While the Legislature is busy debating medical marijuana, there’s another problem with our drug policy that’s not in the headlines but is even more compelling. The number of women incarcerated in Vermont prisons has tripled in the last five years, from 44 in 1998 to almost 130 today. Nationally, there are close to 100,000 women incarcerated in the United States, and 75 percent of those women are mothers. This past Mother’s Day, 200,000 children couldn’t bring their moms breakfast in bed.

Unlike men, who are most often incarcerated for violent crime, 85 percent of women in prison are there because of drug-related offenses. Most have been abused, and the drug-use is a way to self-medicate. To make matters worse, not only are we locking up women essentially for being addicts, but we’re also taking away their children forever.

Under a federal law passed in 1997, states are required to move to sever a parent’s right after a child has spent 15 months in foster care. Many moms who spend just a little more than a year behind bars end up losing their children. That is the worst punishment of all.

Now, I’m not arguing that some moms don’t deserve to be in prison, or that some children aren’t better off with foster families, but the rate at which we are incarcerating women, and the reasons we’re doing so, simply can’t be justified.

The Vermont Department of Corrections is often blamed for problems with the criminal justice system, but in this case it inherited the problem. In fact, the DOC understands the futility of incarcerating low-risk women offenders and is taking a hard look at how it can better serve women inmates.

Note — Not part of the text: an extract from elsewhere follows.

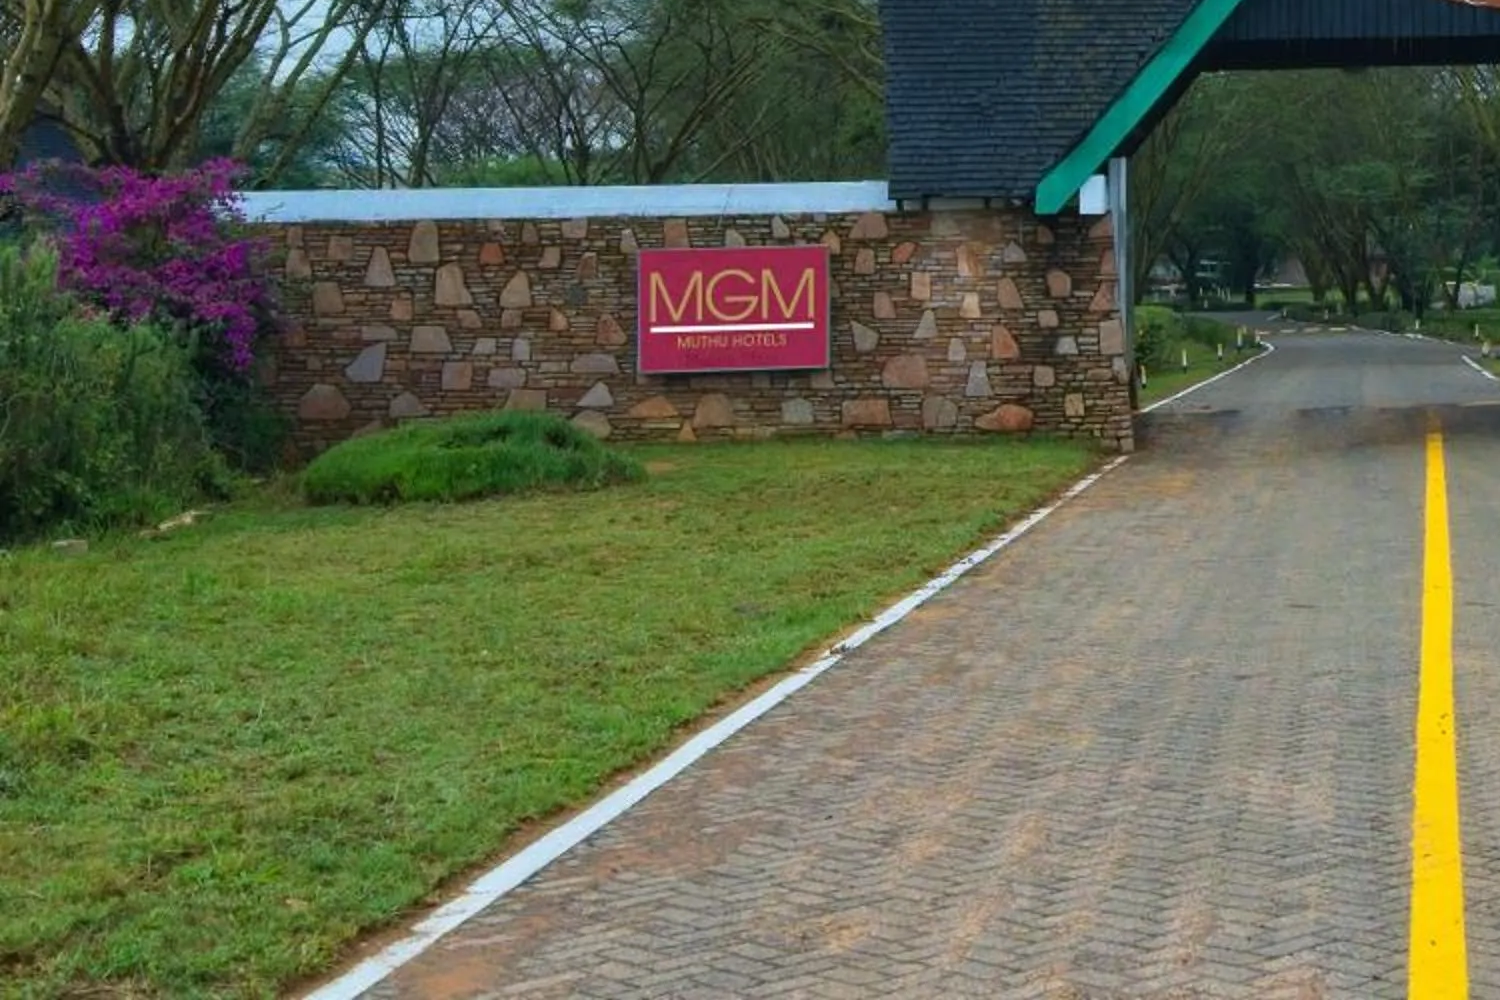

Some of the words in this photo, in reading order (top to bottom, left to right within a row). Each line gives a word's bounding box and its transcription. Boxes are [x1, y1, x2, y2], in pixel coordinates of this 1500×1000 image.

[649, 267, 815, 323] MGM
[677, 334, 729, 350] MUTHU
[731, 332, 788, 348] HOTELS

Unfortunately, however, the rest of the system isn’t so enlightened. I’ve heard story after story of over-zealous prosecutors trumping up charges against women – and judges giving women sentences far harsher than is necessary to protect the public. And mandatory minimum sentences only make matters worse. In fact, women in Vermont and nationwide systematically receive harsher sentences than do men for the same crimes.

With few treatment options available for most addicts, never mind programs that are gender-specific, jail becomes not the last resort, but the only option. The result is that it’s children who end up being the most poignant casualties in the war on drugs.

I know many politicians are worried about the messages children get about drugs. But if we really cared about kids, we’d start caring about what’s happening to their mothers.

This is Cheryl Hanna.

Cheryl Hanna is a law professor at Vermont Law School in South Royalton, Vermont.